Task brief: Every line of the data should be written out exactly, with the pictures left out.

[Text-to-region grounding data]
-=-=-

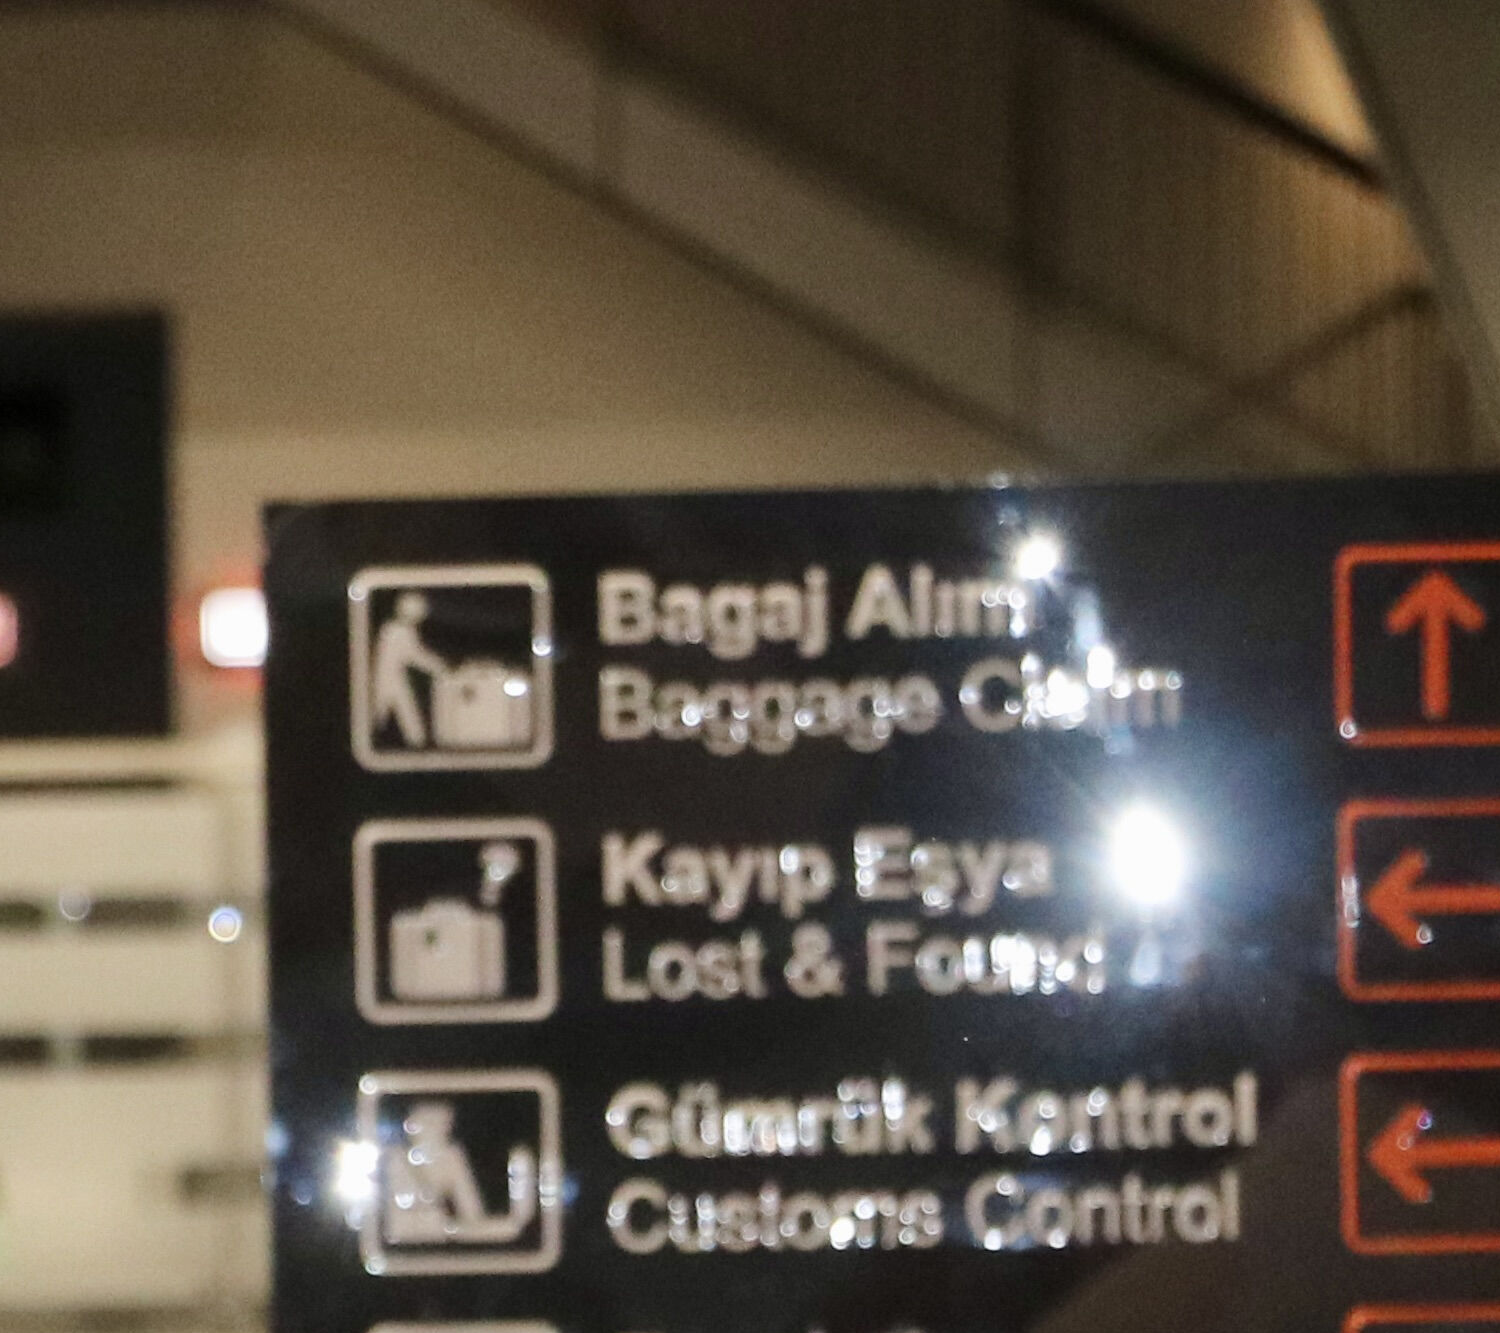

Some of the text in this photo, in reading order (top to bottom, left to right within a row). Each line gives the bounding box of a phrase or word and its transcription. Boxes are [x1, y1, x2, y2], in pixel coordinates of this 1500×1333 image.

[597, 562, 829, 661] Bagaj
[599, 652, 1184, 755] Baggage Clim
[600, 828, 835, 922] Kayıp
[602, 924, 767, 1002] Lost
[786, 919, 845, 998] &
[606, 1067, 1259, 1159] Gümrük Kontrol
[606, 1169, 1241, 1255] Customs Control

-=-=-

Exercise result:
Some of the text in this photo, in reading order (top to bottom, left to right within a row). Each line gives the bounding box of a phrase or word and its transcription. Boxes are [x1, y1, x2, y2], in pixel coordinates of this 1500×1333 image.

[597, 562, 829, 661] Bagaj
[599, 652, 1184, 755] Baggage Clim
[600, 828, 835, 922] Kayıp
[602, 924, 767, 1002] Lost
[786, 919, 845, 998] &
[606, 1067, 1259, 1159] Gümrük Kontrol
[606, 1169, 1241, 1255] Customs Control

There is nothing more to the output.